Router Skillbuild

Getting familiar with hand routing

Router Skillbuild

This week’s adventure is working with the router.

Inspiration & Planning

I decided to riff on replicating the simple circle that we made in class.



The plan: two circles in a Venn Diagram, one larger than the other. Nothing too creative, just a little test.


The raw material used for this exercise was a piece of ply (that I’m pretty sure came from last year’s class, The New Arcade).


I drilled center holes a little small and used a mallet to tap in the dowels for a tighter fit. With the circle jig over the dowel, I took a first pass at a circle.




During my second pass around the circle, I noticed a burning smell and stopped the router. As it turns out, I had the depth a little too large, and was burning the wood (along with probably damaging the bit a little). In the photos below you can see those burn marks pretty clearly; the lighter side a much cleaner, nicer finish from a shallower cut.


After finishing the first circle, I set another center peg and cut a second, smaller circle. This one I cut to a shallower depth.

One nice thing about doing it this way was that I could rest the router so the bit sat in the already cut space, which allowed me room to adjust the bit without turning the whole tool over.



Tools used: handheld router, circle jig, hand drill, clamps, dowels, mallet.



It’s a Venn Diagram!
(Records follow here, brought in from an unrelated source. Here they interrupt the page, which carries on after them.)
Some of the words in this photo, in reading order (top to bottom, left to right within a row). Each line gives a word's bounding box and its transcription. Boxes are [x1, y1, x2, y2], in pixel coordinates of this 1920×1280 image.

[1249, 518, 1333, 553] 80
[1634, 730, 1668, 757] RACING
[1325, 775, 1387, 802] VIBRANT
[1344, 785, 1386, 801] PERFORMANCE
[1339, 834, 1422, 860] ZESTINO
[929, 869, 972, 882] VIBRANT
The wood burning marks left an interesting texture behind, and I’m curious how I can re-create it (without burning a bit, of course). I also didn’t deburr or finish the cuts at all, which .. well, for a skillbuild, seems alright.
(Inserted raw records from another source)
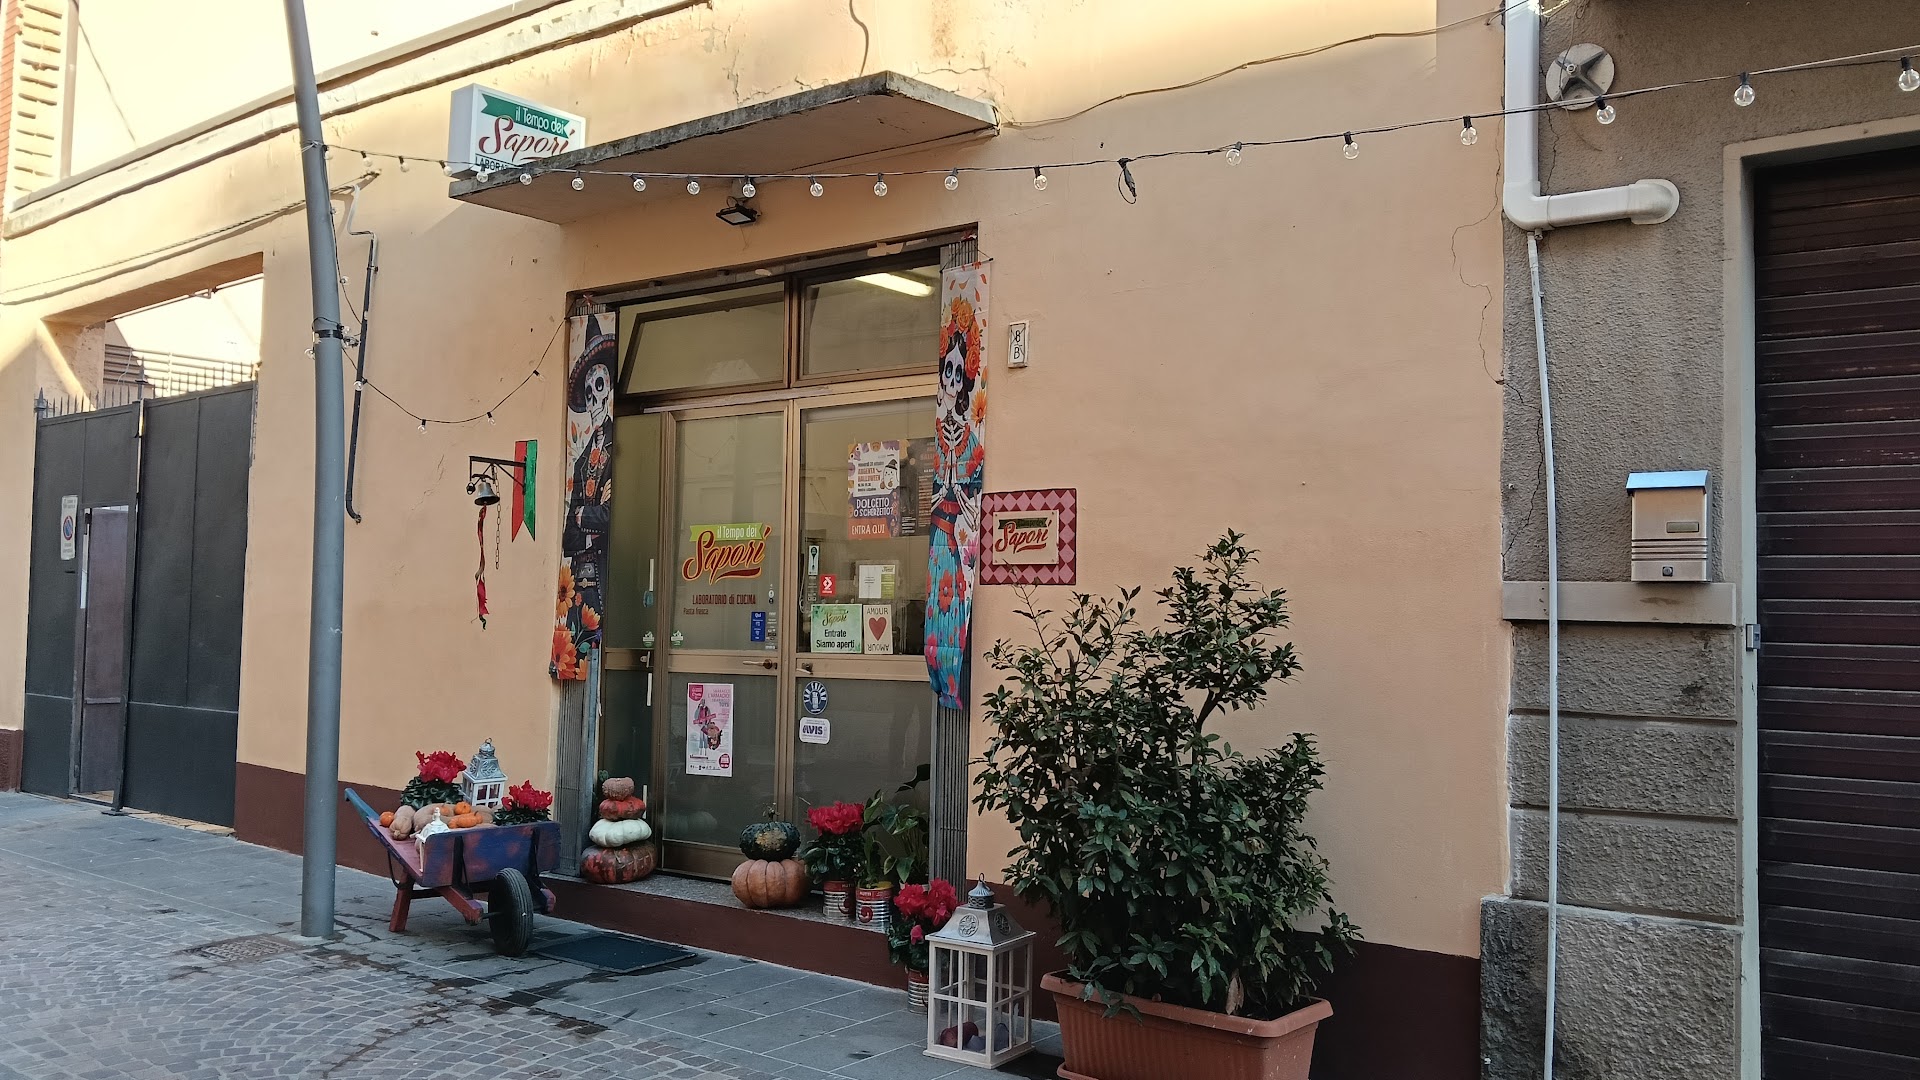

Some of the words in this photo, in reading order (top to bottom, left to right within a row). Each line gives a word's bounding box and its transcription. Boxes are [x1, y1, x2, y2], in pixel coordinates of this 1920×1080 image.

[515, 106, 520, 122] il
[523, 107, 549, 132] Tempo
[551, 120, 564, 135] dei
[478, 115, 576, 162] Sapori
[1013, 346, 1021, 360] B
[856, 497, 890, 509] DOLCETTO
[717, 525, 722, 538] il
[722, 525, 745, 540] Tempo
[746, 525, 757, 537] dei
[851, 525, 871, 535] ENTRA
[872, 524, 885, 534] QUI
[994, 519, 1052, 554] Sapori
[682, 525, 772, 585] Sapori
[692, 594, 727, 605] LABORATORIO
[729, 594, 735, 605] di
[736, 594, 757, 605] CUCINA
[695, 607, 709, 615] fresca
[867, 607, 889, 615] AMOUR
[824, 629, 847, 638] Entrate
[816, 639, 836, 648] Siamo
[836, 639, 855, 649] aperti
[868, 644, 889, 652] AMOUR
[802, 724, 823, 736] AVIS
  • Cutting too deep can leave burn marks and mess with the temper of the bit. Cut shallower than you think … my first pass was pretty good, but my second needed adjustment. The smell of burning wood keyed me into turning everything off.
  • We might only have one router to work with. The second had some issues with crossthreading the collar, and I deemed it unfit to work with.
  • This is, as with most woodworking, a dusty affair.